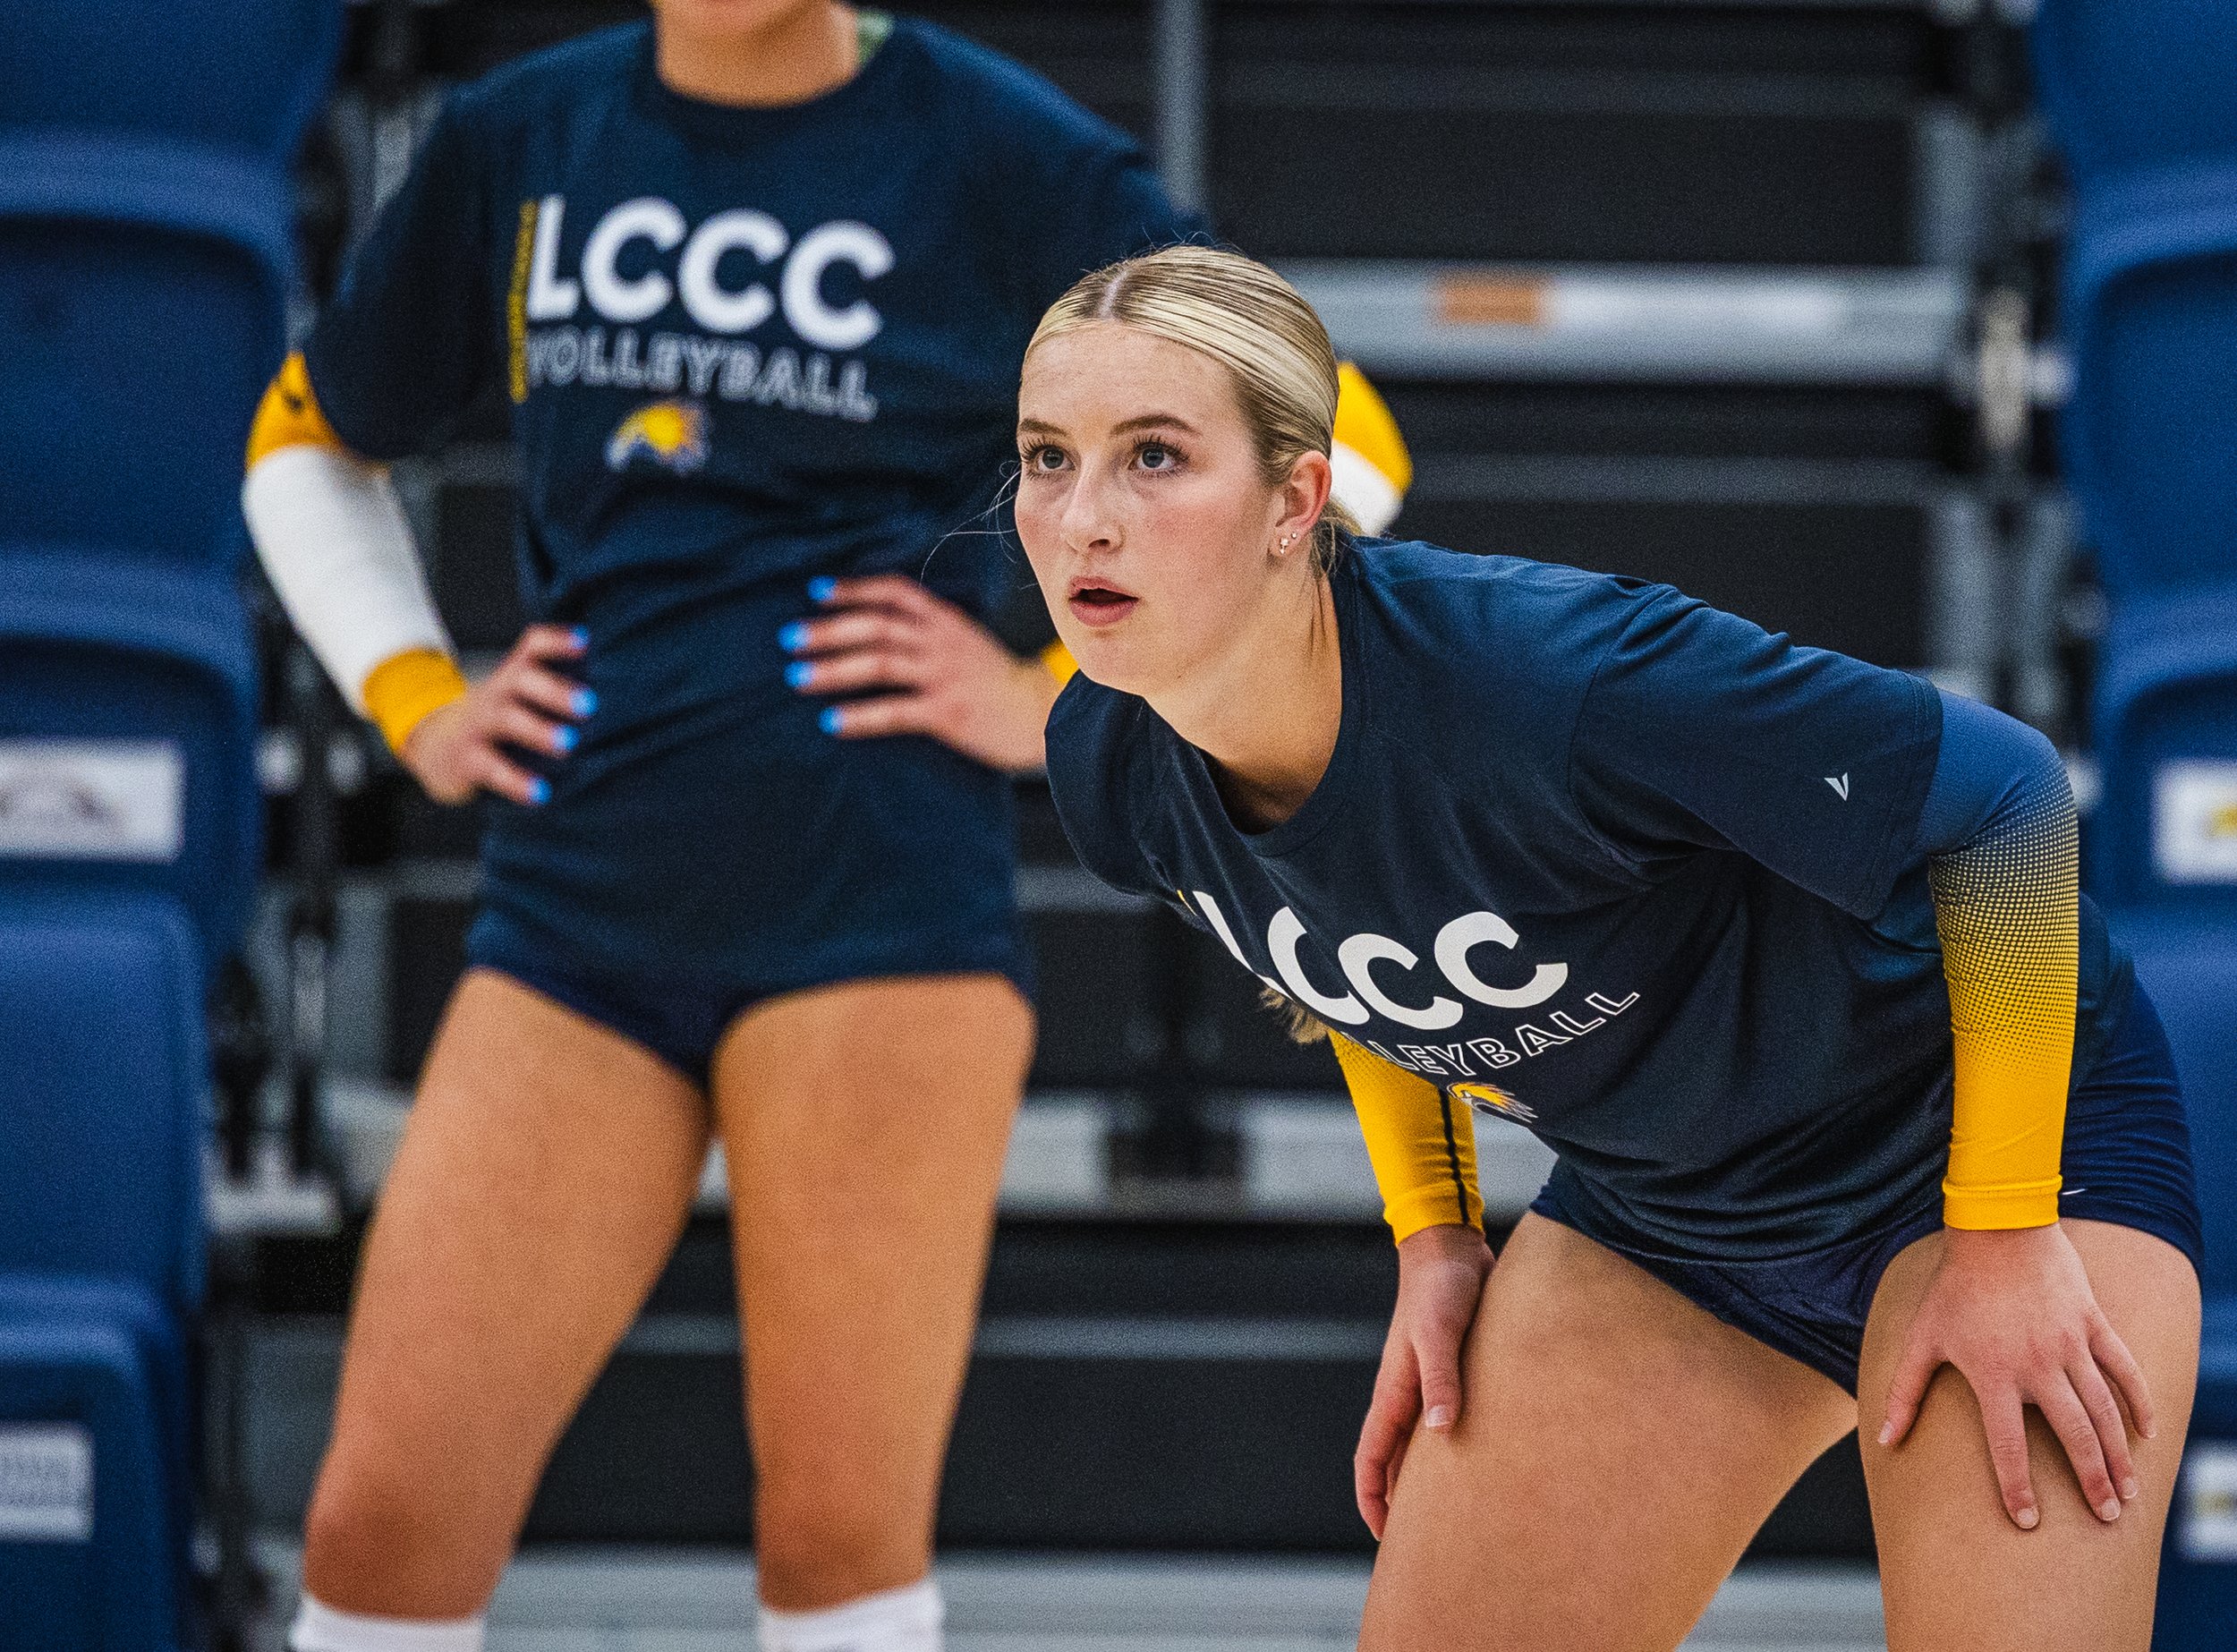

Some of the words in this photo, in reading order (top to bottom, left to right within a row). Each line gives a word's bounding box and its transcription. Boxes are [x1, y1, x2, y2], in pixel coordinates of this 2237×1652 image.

[527, 194, 894, 350] LCCC
[528, 327, 879, 422] VOLLEYBALL
[1340, 992, 1640, 1076] LEYBALL
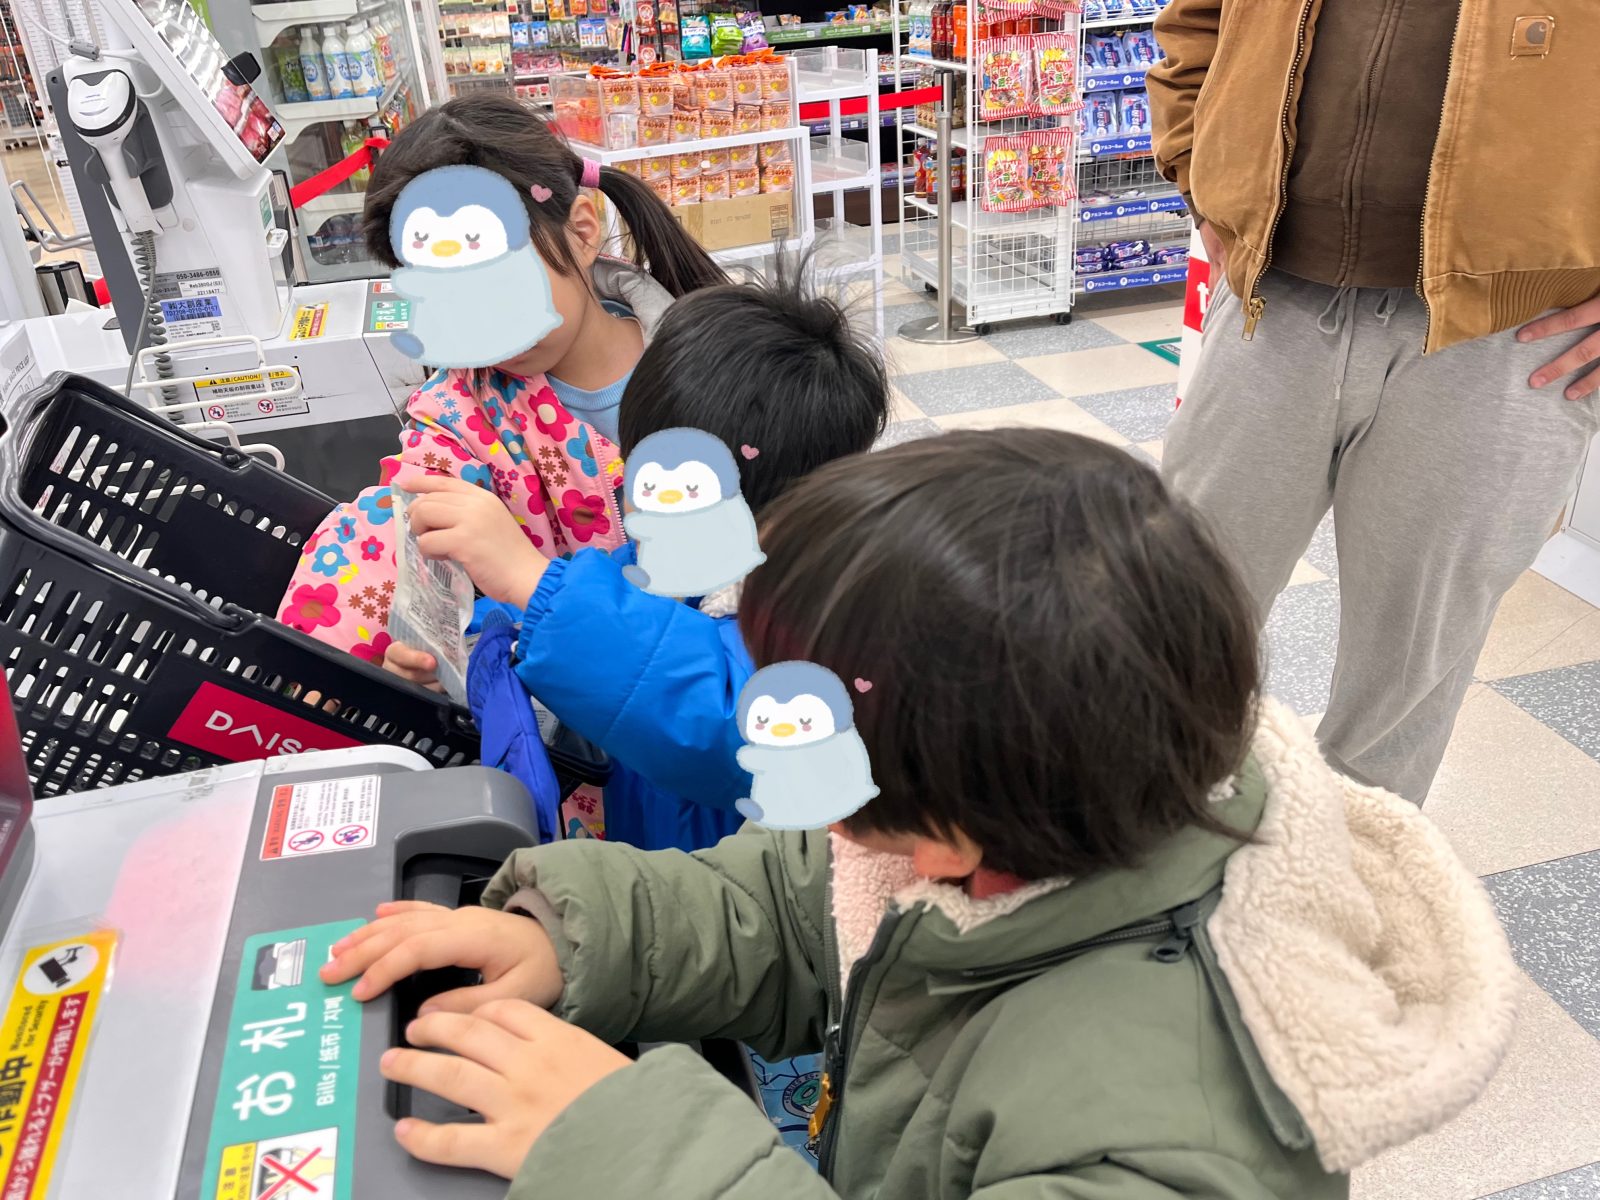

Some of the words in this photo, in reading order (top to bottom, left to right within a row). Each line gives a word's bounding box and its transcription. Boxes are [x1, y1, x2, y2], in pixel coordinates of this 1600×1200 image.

[204, 709, 322, 756] DAIS
[9, 1005, 33, 1051] Monitored
[28, 999, 49, 1033] Security
[231, 1001, 307, 1121] お札
[316, 1071, 337, 1107] Bills

» **What you are asked to do**
Would you repeat each line of the listing exactly, skipping any picture?

» **Response box**
Some of the words in this photo, in reading order (top to bottom, left to right within a row). Each line gives a word's bounding box and its transcription. Boxes are [x1, y1, x2, y2], in pixel coordinates of this 2237×1652 image.

[527, 194, 894, 350] LCCC
[528, 327, 879, 422] VOLLEYBALL
[1340, 992, 1640, 1076] LEYBALL

Some of the words in this photo, in reading order (top to bottom, left to right within a row). Each line gives a word's bounding box and its transcription. Boxes are [x1, y1, x2, y2], in pixel coordinates of this 1600×1200 image.

[204, 709, 322, 756] DAIS
[9, 1005, 33, 1051] Monitored
[28, 999, 49, 1033] Security
[231, 1001, 307, 1121] お札
[316, 1071, 337, 1107] Bills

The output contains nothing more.